Robust approach towards an automated detection of built-up areas from high resolution radar imagery

The actual process of rapid urbanisation is associated with various ecological, social and economic changes in both, the urban area and the surrounding natural environment. In order to keep up with the effects and impacts of this development, effective urban and regional planning requires accurate and up-to-date information on the urban dynamics. Recent studies have demonstrated the applicability of high resolution optical satellite data for the acquisition of spatial and socio-economic information. In contrast, radar imagery has hardly been employed for these purposes so far. The future TerraSAR-X will provide radar data with a ground resolution comparable to existing high resolution optical satellite sensors. Thus, it will afford detailed urban analysis based on spaceborne radar imagery for the first time. The detection concept presented here serves as a preliminary investigation of the potential use of TerraSAR-X data in the context of urban applications. It introduces a robust approach towards an automated detection of built-up areas using data acquired by the Experimental Synthetic Aperture Radar (E-SAR) system of the German Aerospace Center (DLR).

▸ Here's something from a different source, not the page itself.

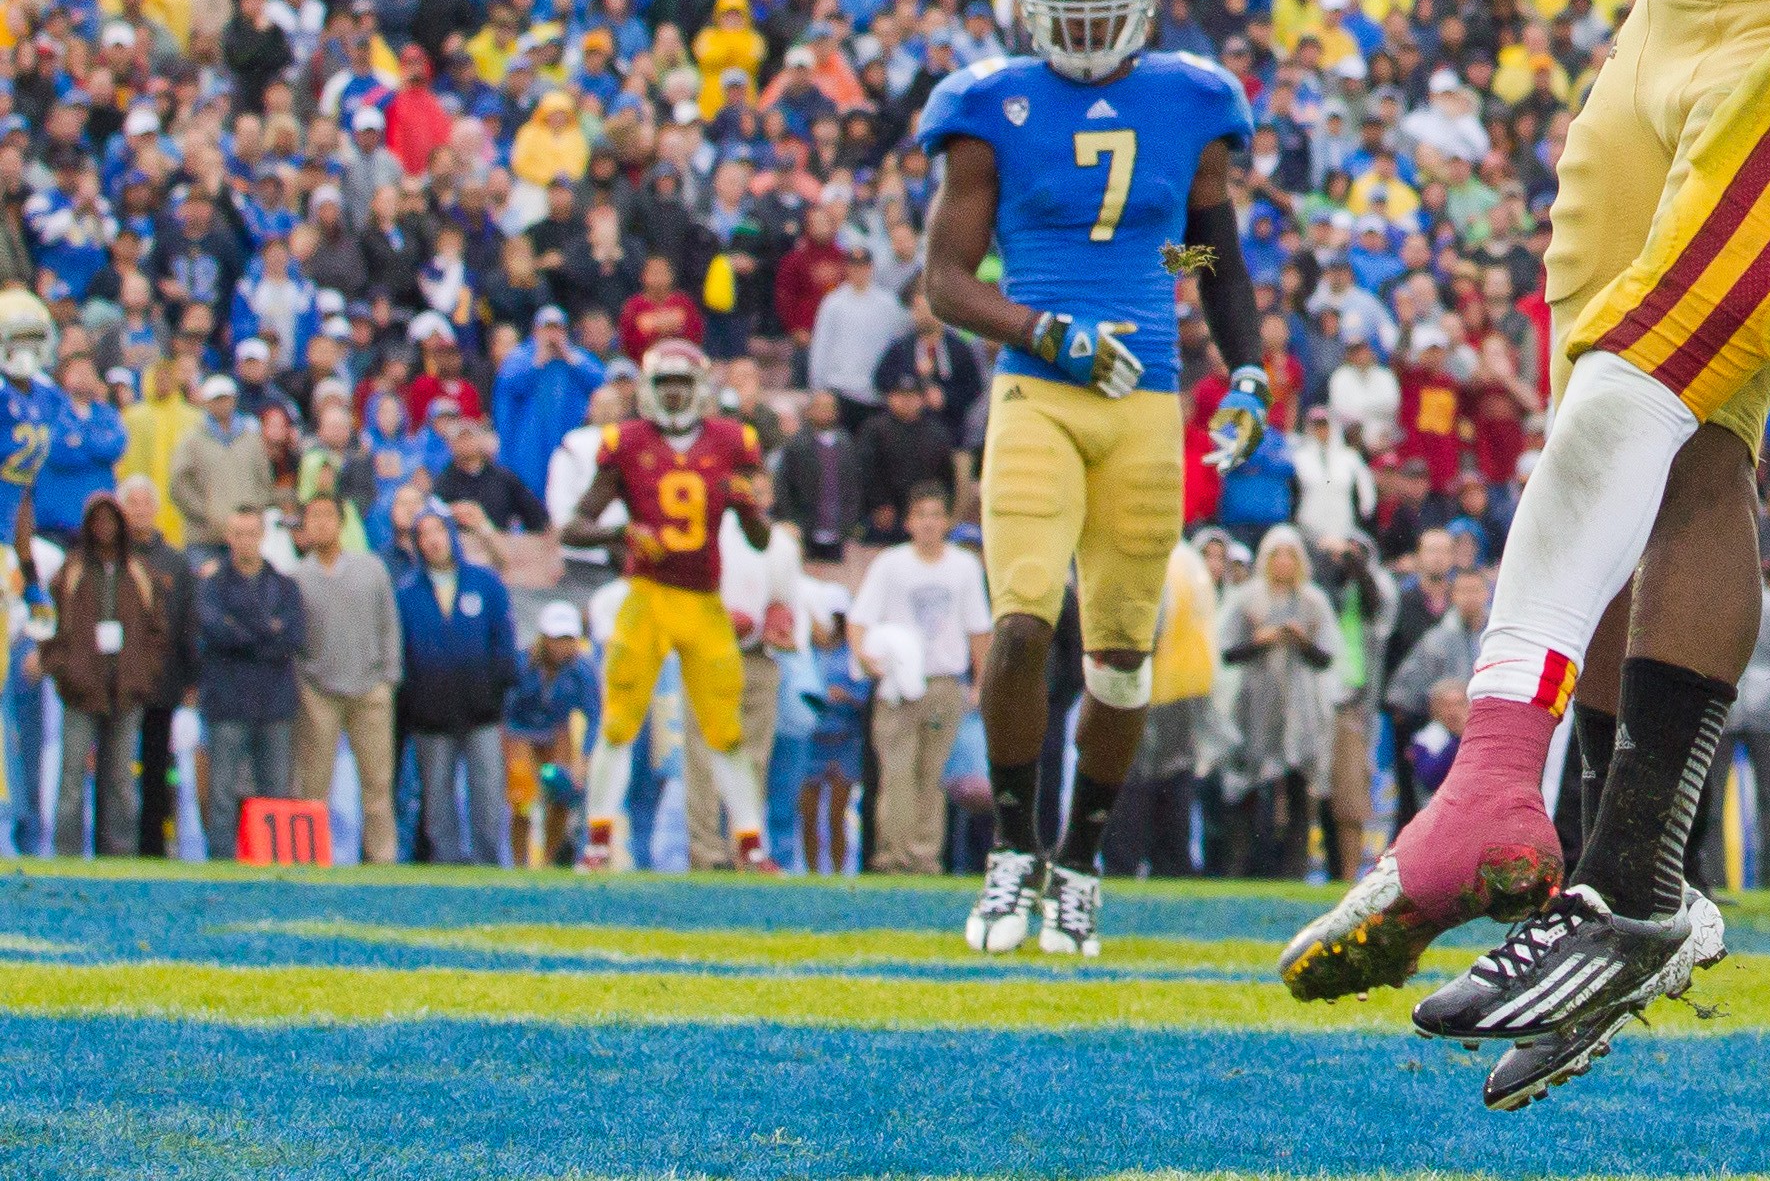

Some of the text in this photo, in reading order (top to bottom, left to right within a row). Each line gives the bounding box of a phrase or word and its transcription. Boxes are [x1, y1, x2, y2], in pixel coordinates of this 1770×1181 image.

[1073, 128, 1137, 241] 7
[658, 471, 708, 552] 9
[264, 812, 316, 863] 10

For that purpose different data sets of single-polarised Xband imagery are analysed in an object-oriented classification. A robust object-oriented analysis strongly depends on accurate and reliable image segmentation. Thus, a classification-based optimisation procedure to stabilise and improve the initial image segmentation step is introduced. Subsequently the identification of built-up areas is performed on the basis of three image segmentation levels in different spatial scales. Here, contextual and textural features along with shape-related and hierarchical characteristics play a major role. Finally, the transferability and robustness of the presented approach is illustrated by applying the developed classification scheme to E-SAR data of three complete flight tracks.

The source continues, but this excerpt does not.